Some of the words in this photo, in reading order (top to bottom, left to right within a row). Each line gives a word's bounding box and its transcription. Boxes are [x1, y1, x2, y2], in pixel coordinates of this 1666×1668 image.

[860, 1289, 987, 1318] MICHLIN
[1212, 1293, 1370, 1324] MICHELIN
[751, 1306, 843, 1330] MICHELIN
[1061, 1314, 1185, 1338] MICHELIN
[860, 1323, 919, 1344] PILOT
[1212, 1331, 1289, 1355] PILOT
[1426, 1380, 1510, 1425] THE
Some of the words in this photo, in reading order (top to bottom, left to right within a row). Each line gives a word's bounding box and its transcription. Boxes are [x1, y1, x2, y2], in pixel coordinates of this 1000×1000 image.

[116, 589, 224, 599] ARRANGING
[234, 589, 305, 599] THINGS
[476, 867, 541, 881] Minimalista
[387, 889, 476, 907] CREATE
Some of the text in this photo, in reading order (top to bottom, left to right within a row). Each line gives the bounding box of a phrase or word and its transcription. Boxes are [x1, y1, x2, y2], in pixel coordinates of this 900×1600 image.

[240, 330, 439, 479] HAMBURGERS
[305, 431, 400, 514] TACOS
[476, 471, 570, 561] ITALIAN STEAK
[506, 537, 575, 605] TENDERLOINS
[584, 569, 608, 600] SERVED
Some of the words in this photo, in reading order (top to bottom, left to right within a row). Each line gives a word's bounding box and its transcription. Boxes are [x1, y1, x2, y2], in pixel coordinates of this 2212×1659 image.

• [Work task]:
Transcribe each entry above exactly as it reads.

• [Exercise response]:
Some of the words in this photo, in reading order (top to bottom, left to right within a row). Each line gives a word's bounding box and its transcription. Boxes are [x1, y1, x2, y2], in pixel coordinates of this 1666×1668 image.

[860, 1289, 987, 1318] MICHLIN
[1212, 1293, 1370, 1324] MICHELIN
[751, 1306, 843, 1330] MICHELIN
[1061, 1314, 1185, 1338] MICHELIN
[860, 1323, 919, 1344] PILOT
[1212, 1331, 1289, 1355] PILOT
[1426, 1380, 1510, 1425] THE
Some of the words in this photo, in reading order (top to bottom, left to right within a row). Each line gives a word's bounding box and its transcription. Boxes are [x1, y1, x2, y2], in pixel coordinates of this 1000×1000 image.

[116, 589, 224, 599] ARRANGING
[234, 589, 305, 599] THINGS
[476, 867, 541, 881] Minimalista
[387, 889, 476, 907] CREATE
Some of the text in this photo, in reading order (top to bottom, left to right within a row). Each line gives the bounding box of a phrase or word and its transcription. Boxes are [x1, y1, x2, y2], in pixel coordinates of this 900×1600 image.

[240, 330, 439, 479] HAMBURGERS
[305, 431, 400, 514] TACOS
[476, 471, 570, 561] ITALIAN STEAK
[506, 537, 575, 605] TENDERLOINS
[584, 569, 608, 600] SERVED
Some of the words in this photo, in reading order (top to bottom, left to right within a row). Each line gives a word's bounding box and its transcription. Boxes are [x1, y1, x2, y2], in pixel coordinates of this 2212×1659 image.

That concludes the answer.